Extracted records
============================================================

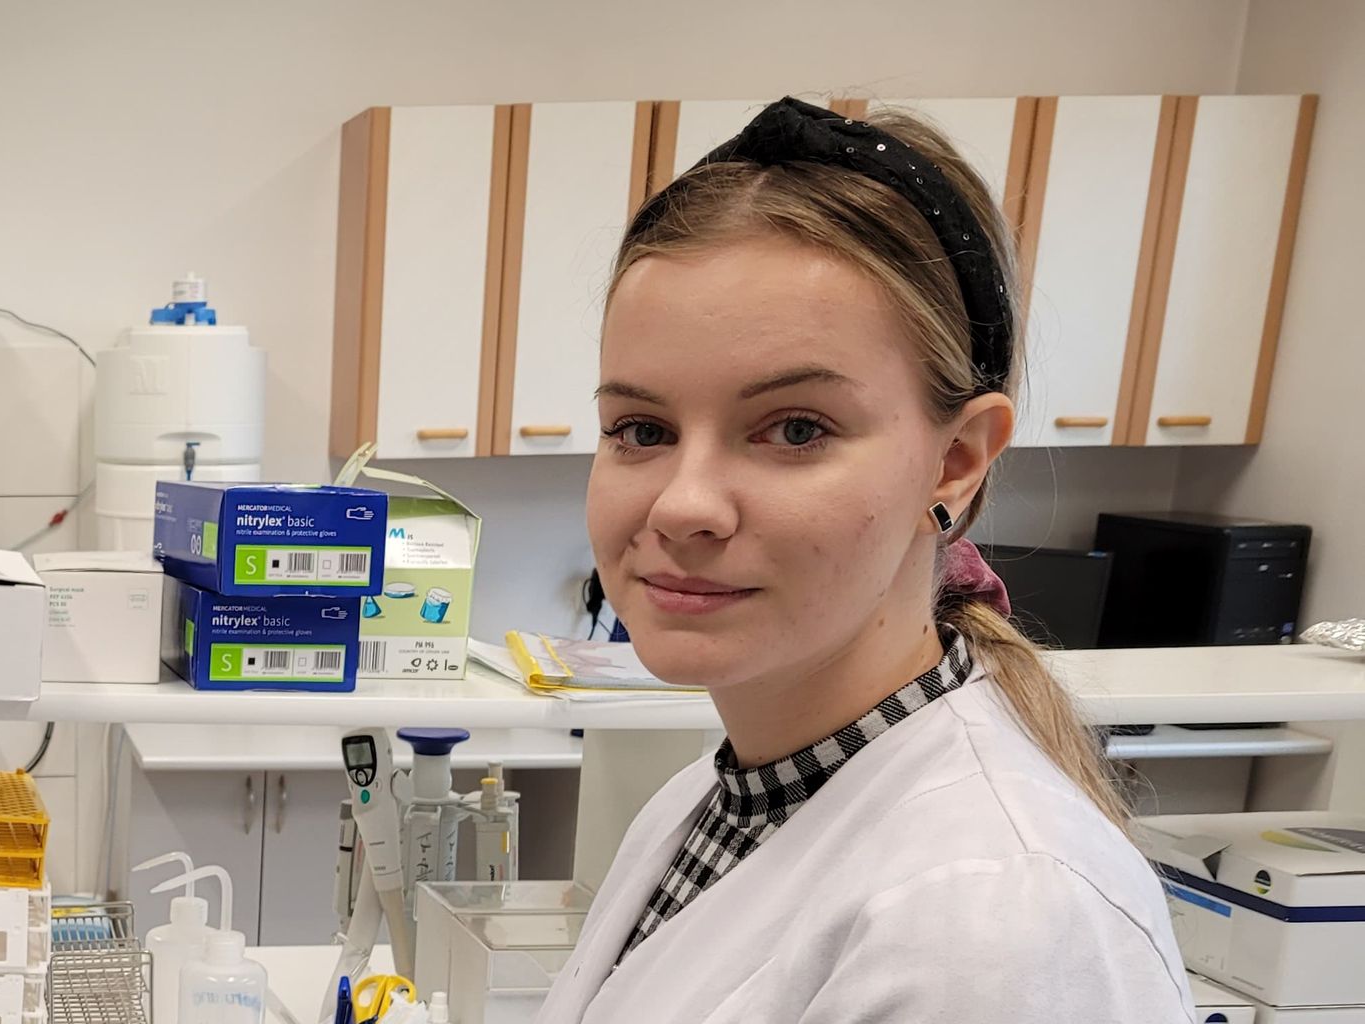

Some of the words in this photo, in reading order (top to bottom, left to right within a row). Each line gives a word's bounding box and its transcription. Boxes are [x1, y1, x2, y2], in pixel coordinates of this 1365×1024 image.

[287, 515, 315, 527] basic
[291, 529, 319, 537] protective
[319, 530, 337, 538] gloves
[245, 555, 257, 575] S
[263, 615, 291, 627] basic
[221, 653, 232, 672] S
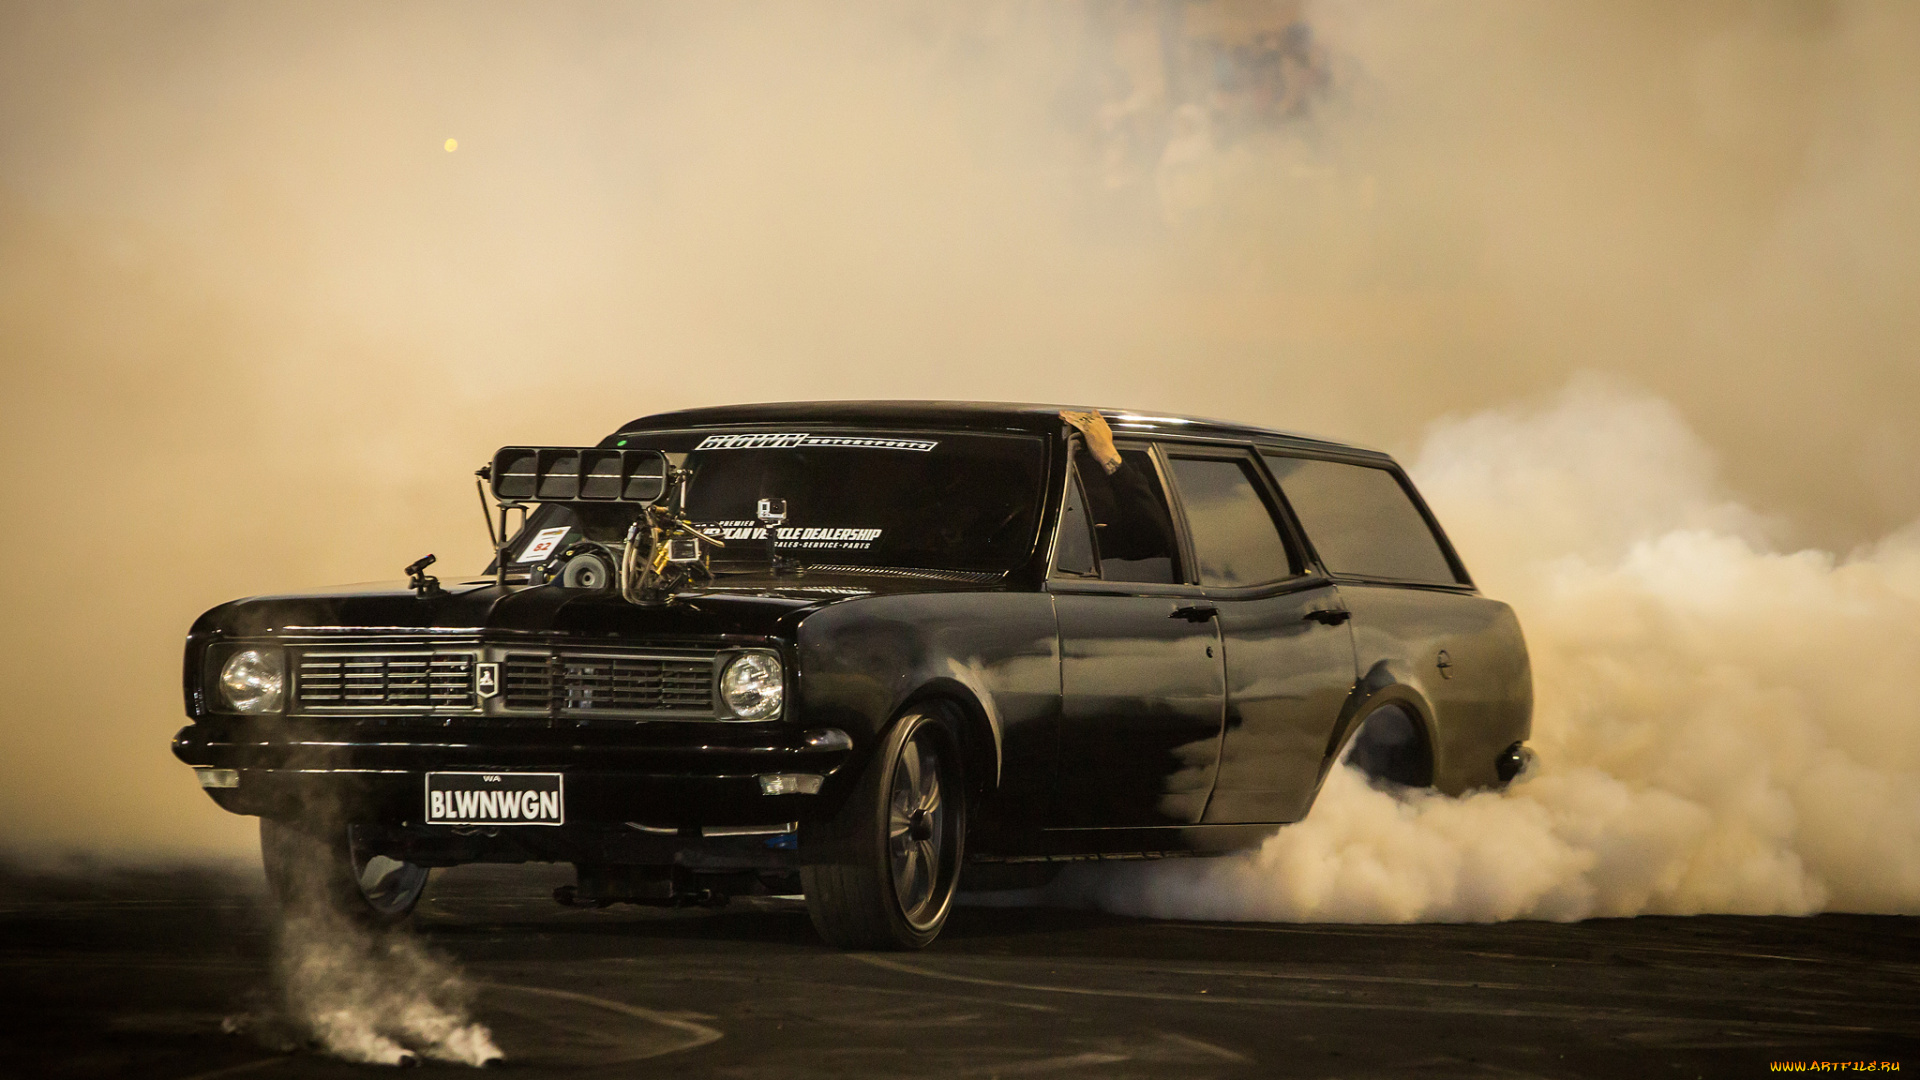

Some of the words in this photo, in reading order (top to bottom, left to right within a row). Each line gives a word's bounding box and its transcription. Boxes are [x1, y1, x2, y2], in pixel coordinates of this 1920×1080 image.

============================================================

Your answer must be an exact repeat of the records above, with no pictures in it.

Response to this exercise
Some of the words in this photo, in reading order (top to bottom, left to right within a row). Each line gives a word's bounding box and its transcription. Boxes are [x1, y1, x2, y2], in pixel coordinates of this 1365×1024 image.

[287, 515, 315, 527] basic
[291, 529, 319, 537] protective
[319, 530, 337, 538] gloves
[245, 555, 257, 575] S
[263, 615, 291, 627] basic
[221, 653, 232, 672] S

Some of the words in this photo, in reading order (top to bottom, left to right within a row). Each line gives a word's bounding box and its transcription. Boxes are [x1, y1, x2, y2], in pixel coordinates of this 1920×1080 image.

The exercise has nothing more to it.